§ Work item: Nothing in the data may change. Copy all of it exactly.

[Free-text object descriptions]

....

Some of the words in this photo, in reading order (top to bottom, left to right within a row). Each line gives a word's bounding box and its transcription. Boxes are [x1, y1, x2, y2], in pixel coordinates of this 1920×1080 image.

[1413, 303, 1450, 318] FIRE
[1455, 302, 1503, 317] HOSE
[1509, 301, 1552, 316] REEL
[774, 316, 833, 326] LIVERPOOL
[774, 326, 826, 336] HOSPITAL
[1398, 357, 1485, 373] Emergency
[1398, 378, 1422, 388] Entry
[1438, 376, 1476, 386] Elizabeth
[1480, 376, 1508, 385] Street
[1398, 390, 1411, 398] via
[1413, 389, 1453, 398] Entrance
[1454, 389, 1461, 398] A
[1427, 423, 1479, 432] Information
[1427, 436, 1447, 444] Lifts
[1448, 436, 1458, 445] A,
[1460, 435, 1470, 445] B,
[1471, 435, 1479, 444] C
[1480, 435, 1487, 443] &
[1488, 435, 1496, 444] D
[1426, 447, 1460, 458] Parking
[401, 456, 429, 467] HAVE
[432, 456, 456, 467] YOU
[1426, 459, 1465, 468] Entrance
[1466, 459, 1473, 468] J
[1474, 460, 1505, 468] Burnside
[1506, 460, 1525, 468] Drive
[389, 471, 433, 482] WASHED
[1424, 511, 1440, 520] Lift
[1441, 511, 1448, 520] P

....

§ Solution below:
Some of the words in this photo, in reading order (top to bottom, left to right within a row). Each line gives a word's bounding box and its transcription. Boxes are [x1, y1, x2, y2], in pixel coordinates of this 1920×1080 image.

[1413, 303, 1450, 318] FIRE
[1455, 302, 1503, 317] HOSE
[1509, 301, 1552, 316] REEL
[774, 316, 833, 326] LIVERPOOL
[774, 326, 826, 336] HOSPITAL
[1398, 357, 1485, 373] Emergency
[1398, 378, 1422, 388] Entry
[1438, 376, 1476, 386] Elizabeth
[1480, 376, 1508, 385] Street
[1398, 390, 1411, 398] via
[1413, 389, 1453, 398] Entrance
[1454, 389, 1461, 398] A
[1427, 423, 1479, 432] Information
[1427, 436, 1447, 444] Lifts
[1448, 436, 1458, 445] A,
[1460, 435, 1470, 445] B,
[1471, 435, 1479, 444] C
[1480, 435, 1487, 443] &
[1488, 435, 1496, 444] D
[1426, 447, 1460, 458] Parking
[401, 456, 429, 467] HAVE
[432, 456, 456, 467] YOU
[1426, 459, 1465, 468] Entrance
[1466, 459, 1473, 468] J
[1474, 460, 1505, 468] Burnside
[1506, 460, 1525, 468] Drive
[389, 471, 433, 482] WASHED
[1424, 511, 1440, 520] Lift
[1441, 511, 1448, 520] P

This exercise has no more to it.